It depends on what you're shooting. Obviously if you're shooting weddings, even at only one a month, then a several hundred per month isn't unexpected. Shoot landscapes though with the same model and it could be much lower. I also have two bodies, shooting wildlife with the 7D and landscapes with the 5D MkII, even though I haven't been out as much this year, due to pressures at work, my combined shutter count is probably in the 15-30k mark over the past 3 years, although it's difficult to be sure on the 7D (one week in Scotland I must have been close to 5k in just that week), as there is no easy way of checking, other than trying to work out how many times it's been around the clock.


----------



## briansquibb (Jun 11, 2012)

I reckon on about 1k for a wedding

At the moment I am shooting some 2k per week on average


----------



## pwp (Jun 11, 2012)

neuroanatomist said:


> helpful said:
> 
> 
> > Would they really be happy with 100 photos from a wedding?
> ...



Back in the film days I shot maybe a dozen weddings a year...mostly for corporate clients. Shot on EOS 1n bodies, they always seemed to average around 15 rolls of 36 exposure neg film. That equals 540 mostly thoughtfully composed shots. 20 rolls was HUGE. A massive 720 frames! OMG.. And it was tough to edit.

My weddings PA has probably dropped to more like five or six a year, still mostly for corporate clients, and the thought of being restricted to 540 shots scares me. These days weddings seem to run to around 3000. After a brutal edit, the client gets around 250 shots. Comparing the wedding images now with ten years ago, the freedom to shoot completely unrestricted is delivering brides great shots that leave the old 15 roll wedding deliveries gasping for respectability. 

So in the context of this thread, full time wedding shooters would hit the shutter life cycle sooner than most. But a 100 photo wedding? Maybe this was the number of images delivered to the couple rather than the number of frames the photographer shot on the day.


PW


----------



## DB (Jun 11, 2012)

pakosouthpark said:


> trying to understand a bit of the technology here - Why these have a life expectancy?
> I mean 150 000 shots is not thaaaaat much.. i know that it can go beyond that number but also it can happen to never reach those numbers. does canon replace the shutter after it dies? did film SLRs had this life expectancy as well?

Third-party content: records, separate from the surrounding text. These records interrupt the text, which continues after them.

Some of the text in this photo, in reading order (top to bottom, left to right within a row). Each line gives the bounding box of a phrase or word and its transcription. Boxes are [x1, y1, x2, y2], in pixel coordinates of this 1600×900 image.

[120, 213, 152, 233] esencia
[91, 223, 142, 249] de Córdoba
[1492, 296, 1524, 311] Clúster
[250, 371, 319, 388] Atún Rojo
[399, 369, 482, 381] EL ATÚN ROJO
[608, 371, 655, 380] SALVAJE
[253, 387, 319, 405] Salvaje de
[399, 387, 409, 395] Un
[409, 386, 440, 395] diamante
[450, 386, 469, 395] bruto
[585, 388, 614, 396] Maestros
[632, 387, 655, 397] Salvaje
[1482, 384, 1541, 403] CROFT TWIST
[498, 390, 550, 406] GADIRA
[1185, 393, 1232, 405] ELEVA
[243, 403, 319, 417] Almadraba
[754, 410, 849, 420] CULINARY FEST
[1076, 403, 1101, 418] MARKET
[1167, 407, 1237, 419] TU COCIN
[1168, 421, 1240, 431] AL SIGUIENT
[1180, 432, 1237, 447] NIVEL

All machines that have 'moving parts' will eventually fail or break. The technical jargon is MTBF or Mean Time Between Failures. Take your home PC, the most vulnerable component is your disk drive because it has a drive head that moves across a spindle of discs (memory, processors etc. are just based upon an electric charge passing through a silicon wafer - there are no moving parts in RAM or Intel CPUs). In the 1980s and 1990s, most disk drive manuacturers e.g. Seagate, Samsung, Motorola etc. would quote speed, size, cache and mtbf (used to be about 2,000 hours of actual use - how often is your drive in physical use?). Nowadays, tech has moved on quite a bit, hence the move to SSD (Solid State Drives essentially flash memory) similar to CF or SD memory cards. Your camera memory card has no moving parts, so in theory, could last forever.

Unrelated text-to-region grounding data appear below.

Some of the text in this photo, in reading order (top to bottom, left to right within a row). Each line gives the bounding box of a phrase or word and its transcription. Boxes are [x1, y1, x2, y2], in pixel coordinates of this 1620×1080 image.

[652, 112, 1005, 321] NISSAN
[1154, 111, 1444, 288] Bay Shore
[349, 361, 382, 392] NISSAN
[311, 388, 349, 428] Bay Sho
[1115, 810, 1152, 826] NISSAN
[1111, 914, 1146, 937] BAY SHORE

Automobiles have lots of moving parts, which is why most last about a decade or so. Cameras have fewer and fewer moving parts, but the shutter actuation is the largest (and most important) one, which is why Canon et al hedge themselves by quoting probably quite conservative actuation lifespans -> it is the weakest link in the body of a camera (thing most likely to break with high usage), but obviously they're designed to be replaced for a couple of hundred bucks.


----------



## tron (Jun 12, 2012)

agierke said:


> i just had my shutter explode on my 5Dc last fall. canon replaced it and cleaned the whole camera for $200.00. well worth the price!
> 
> final shutter count was 186,000 on a 150k rated shutter.



The 5Dc has a 100k rated shutter not 150k. But this shows how good the shutter is (since it lasted 86% more).


----------



## briansquibb (Jun 12, 2012)

BozillaNZ said:


> SSD and flash memory has limited life span called erase-write cycle. And the funny thing is, as silicon process advances (50nm > 30nm > 20nm > 10nm > 5nm?), the erase-write cycle shortens. To give you a concept of this cycle, the high end SLC 50nm flash memory cell has erase-write cycle of 100,000. The latest consumer MLC 20nm flash memory cell has erase-write cycle of 1000(!). Yes, 1000 am I'm not kidding.
> 
> Hence flash memory is a weirdo child that goes backwards in terms of reliability.



Just had my 3 year old SSD fail on me


----------



## akiskev (Jun 12, 2012)

After ~60k shots on my XTi, I'm starting to get some random "Error 99" codes. It must be shutter or mirror because I hear a weird mechanical sound when error 99 occurs.. If I turn the camera off and then on, it's good as new! But for how long....?


----------



## Marine03 (Jun 12, 2012)

What is the shutter life of a 450D? Mine is several years old and I have close to 30K. 

Just did my second wedding with it, and depending on how much I was paying as a customer if I got 100 photos from my wedding that sounds perfect to me. Tell me other than feeling like you got your money's worth because you get a disk with 1000 pics on it, whats the point? In my house we have 5 photo's from our wedding printed out. For someone without an eye for photography its beyond necessary.


----------